I’m working on a use case where we are extracting data from invoices for multiple vendors. Currently, we have implemented this using Modern DU and have trained it for 4 vendor formats so far.

However, for every new vendor, additional effort and time is going into training and improving extraction accuracy. Since all of them are invoices and most of the fields are fairly standard, I wanted to understand if this is the expected approach or if I might be missing a better design/practice.

We are expecting 50+ vendors in total, so I would appreciate suggestions on the best scalable approach for this scenario.

Hi,

How about using Helix extractor, if you have never tried it?

Regards,

Welcome to the community @Mohammed_Shahid01

For Document Understanding processes like this, it’s a good idea to implement a classification station in the process.

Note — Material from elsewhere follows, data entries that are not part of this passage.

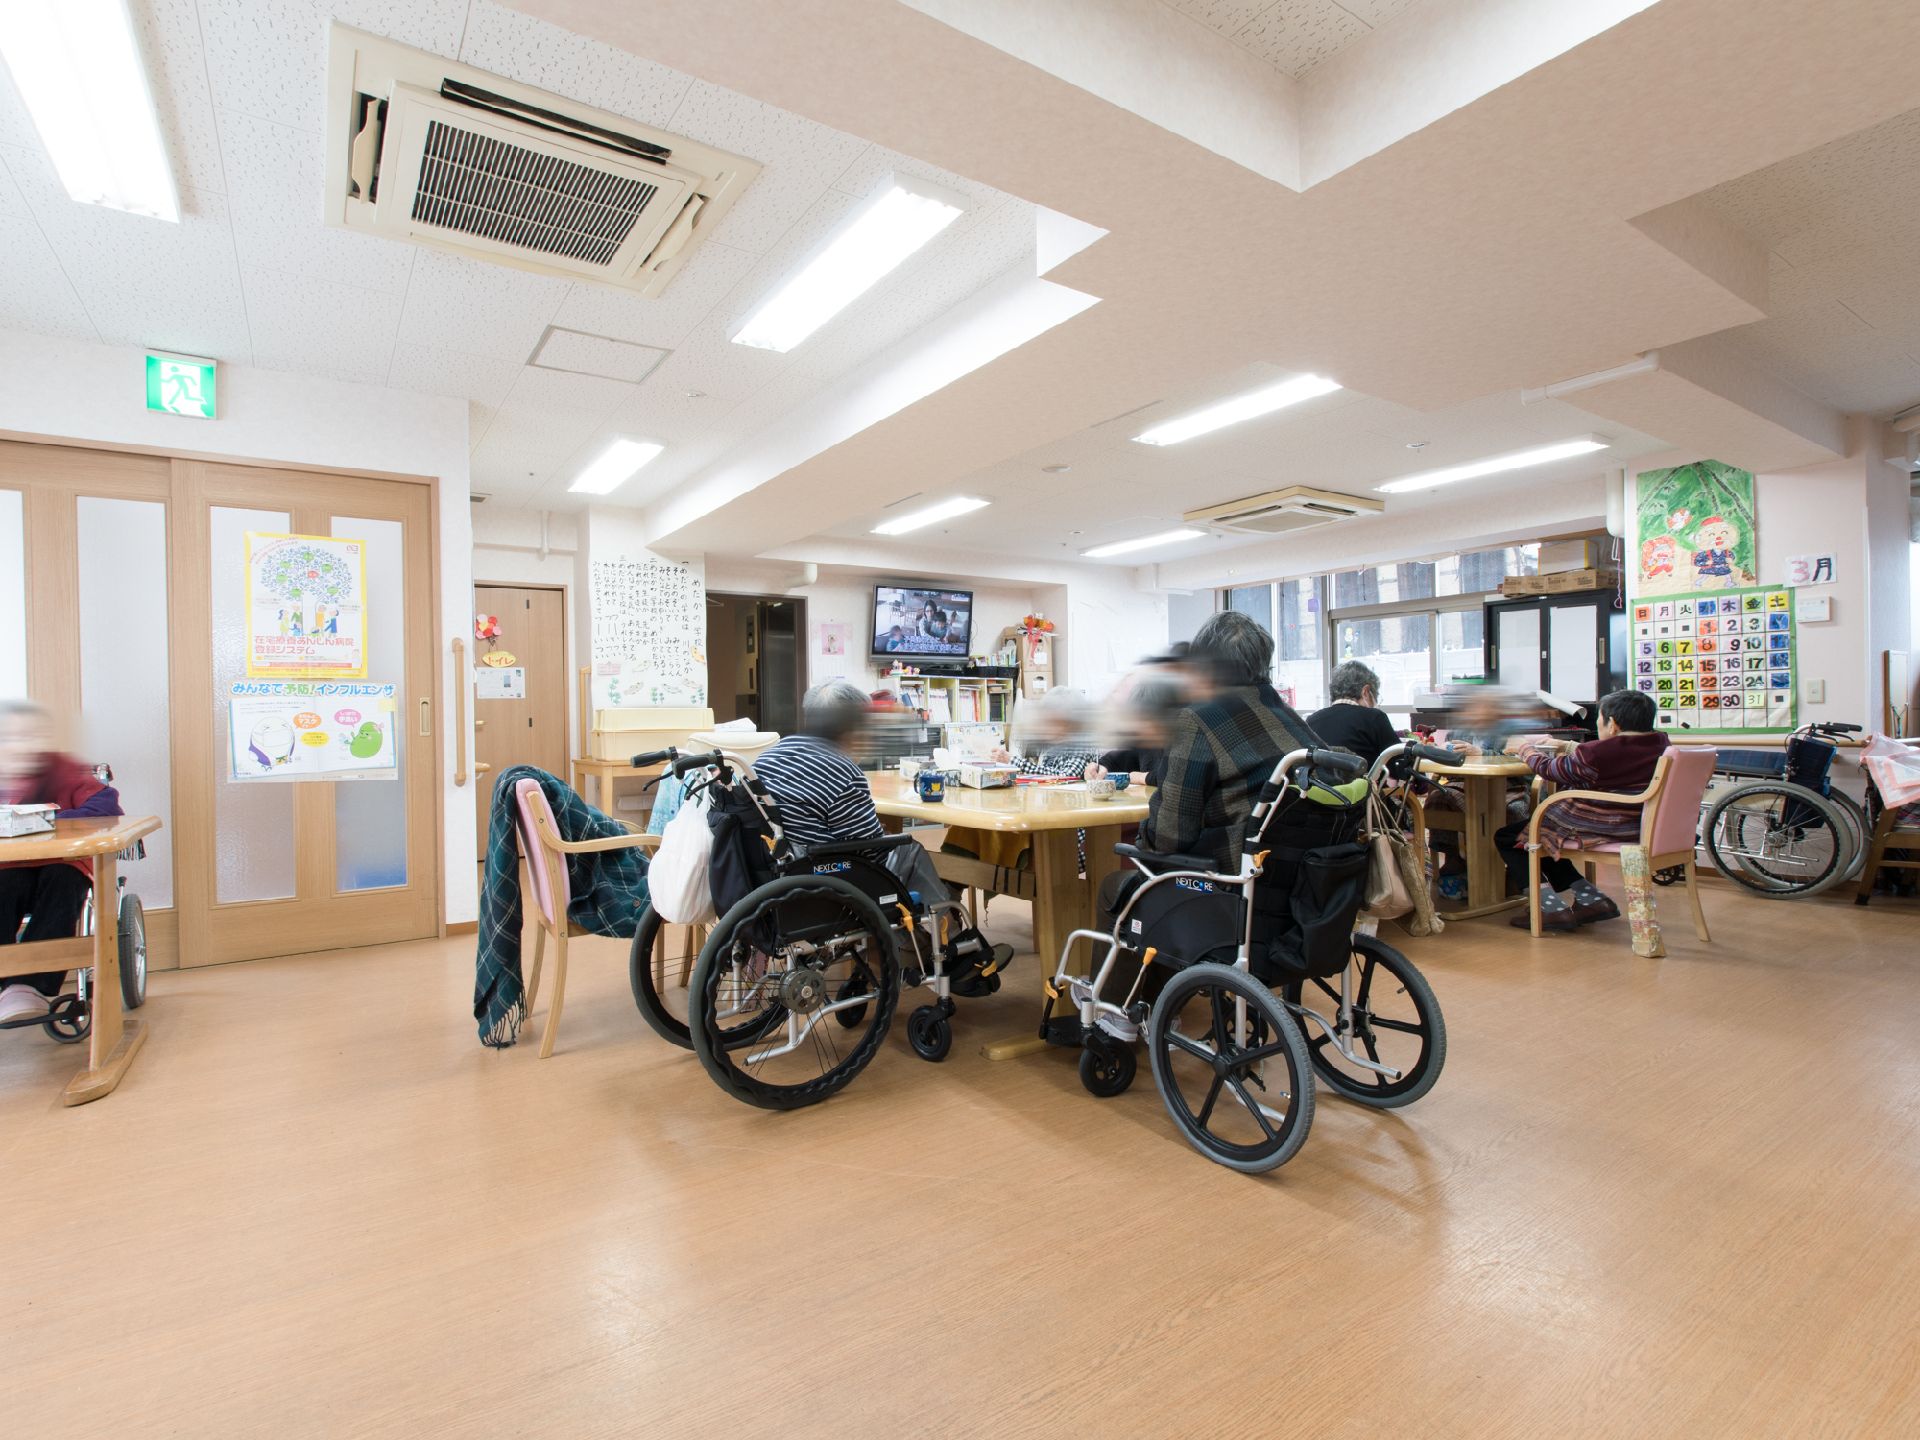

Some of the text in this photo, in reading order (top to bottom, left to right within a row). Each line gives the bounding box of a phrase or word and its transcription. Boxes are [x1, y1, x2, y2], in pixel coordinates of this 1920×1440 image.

[1791, 557, 1832, 583] 3月
[1638, 609, 1647, 617] 日
[1660, 607, 1669, 616] 月
[1680, 605, 1692, 614] 火
[1722, 601, 1736, 612] 木
[1746, 598, 1761, 610] 金
[1770, 596, 1785, 607] 土
[1727, 620, 1738, 631] 2
[1749, 618, 1760, 630] 3
[1643, 643, 1652, 654] 5
[1661, 642, 1669, 652] 6
[1680, 642, 1690, 652] 7
[1702, 638, 1712, 651] 8
[1731, 639, 1741, 650] 9
[1744, 638, 1761, 649] 10
[488, 656, 514, 665] トイレ
[1638, 662, 1651, 672] 12
[1657, 659, 1672, 670] 13
[1678, 660, 1693, 671] 14
[1700, 660, 1716, 671] 15
[1724, 658, 1740, 669] 16
[1746, 658, 1764, 669] 17
[1638, 680, 1652, 690] 19
[1658, 679, 1672, 690] 20
[1679, 679, 1694, 690] 21
[1701, 677, 1717, 687] 22
[1723, 676, 1740, 686] 23
[1745, 676, 1764, 686] 24
[1659, 694, 1761, 708] 27 28 29 30 31

The classification station lets you pass documents through to human intervention if the “new” invoice did not meet the confidence score that you set. For example, let’s say you trained invoices on 10 different vendors and you have set a confidence level of 90% and a completely new vendor invoice comes in, IXP “should” understand that it’s still an invoice and let is through, but lets say it doesn’t, it won’t meet the 90% confidence level and immediately default to the classification station (Human-in-the-loop) in Action Center for manual classification.

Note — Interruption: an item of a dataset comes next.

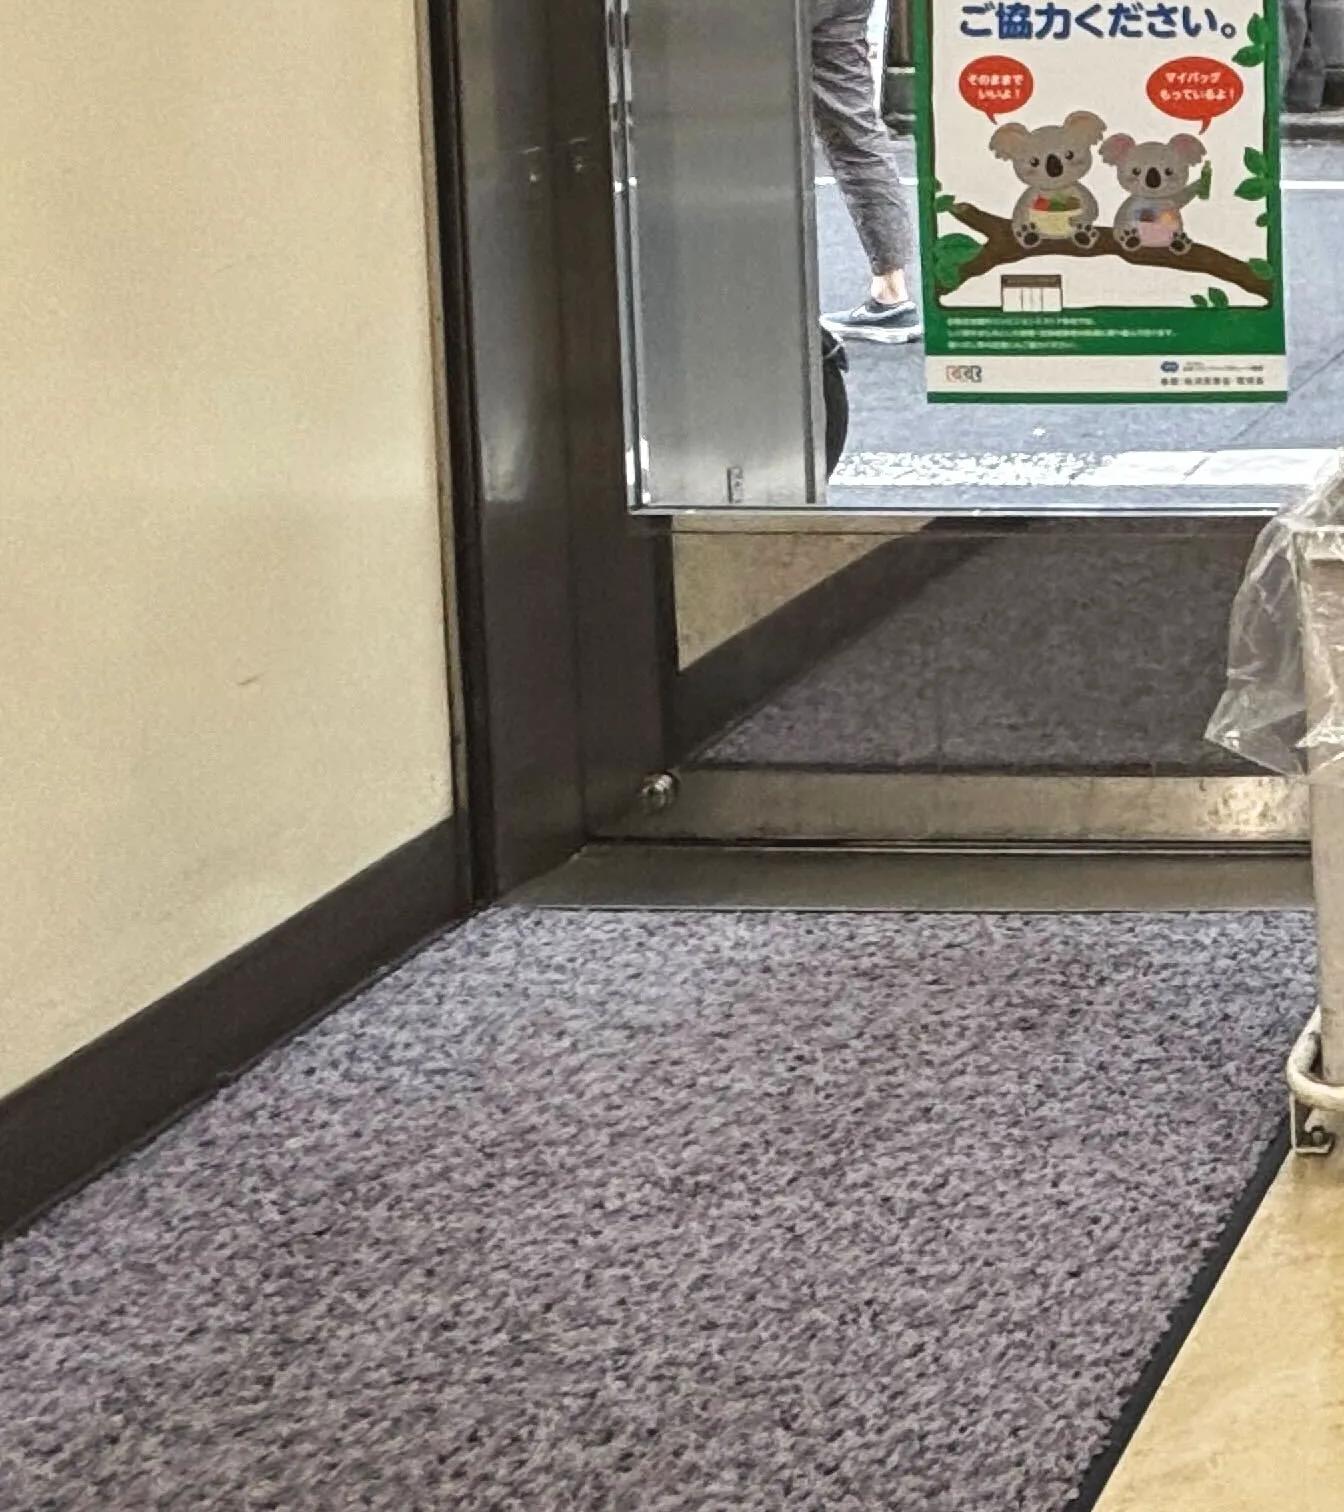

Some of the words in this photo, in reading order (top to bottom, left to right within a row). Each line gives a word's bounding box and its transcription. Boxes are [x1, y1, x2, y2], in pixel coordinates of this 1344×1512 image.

What happens at that point is that a human will manually go into Action Center and classify it as an Invoice, and once complete, it will automatically train into your existing invoice model as a new vendor in (almost) real time. Next time around, if that same new vendor comes in, the confidence will now increase. Repeat this process.

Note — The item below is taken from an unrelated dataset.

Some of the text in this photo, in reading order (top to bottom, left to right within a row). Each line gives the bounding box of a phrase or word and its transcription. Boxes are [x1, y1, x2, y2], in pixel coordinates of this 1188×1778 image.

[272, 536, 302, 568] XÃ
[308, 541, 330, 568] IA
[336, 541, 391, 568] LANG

After let’s say 6 months, you should theoretically be able to disable the classification station because it will have trained automatically on all those new manually classified documents from Classification Station. But if the client consistently get’s new vendors, then just leave it in.

That’s my personal opinion. Just implemented it recently for two clients, works like a charm :slight_smile:

Hi @Mohammed_Shahid01

Since most of the documents are invoices with largely standard fields, you may not need to train a separate Modern DU model for every vendor format.

You can consider using:

  • Out-of-the-box Invoice ML models
  • Public endpoints (https://du.uipath.com/ie/invoices )
  • Intelligent Xtraction Processing (IXP)
  • Agentic extraction approaches for semi-structured invoices

UiPath already provides pre-trained models which can generalize across multiple vendor layouts:

[UiPath DU Receipt Extraction Quickstart])

With this approach:

  • onboarding new vendors becomes faster
  • less vendor-specific training is required
  • validation can still be handled through Validation Station or Action Center
  • only edge cases may require additional improvement/training

For 50+ vendors, maintaining individual training cycles for every layout may become difficult operationally. Using IXP/Agent + pre-trained models first, and then selectively training only low-confidence vendors, could be a more scalable approach.

Hi @Mohammed_Shahid01

What you’re doing is normal, but training a separate model for every vendor is not a scalable approach. Since all documents are invoices, it’s better to use one common Invoice model and handle most fields in a generic way. Then you can improve accuracy by adding a few samples, using regex or rules for specific fields, and using validation for edge cases. Only go for separate models if a vendor’s format is completely different. This way you avoid maintaining 50 models and keep the solution much simpler and scalable.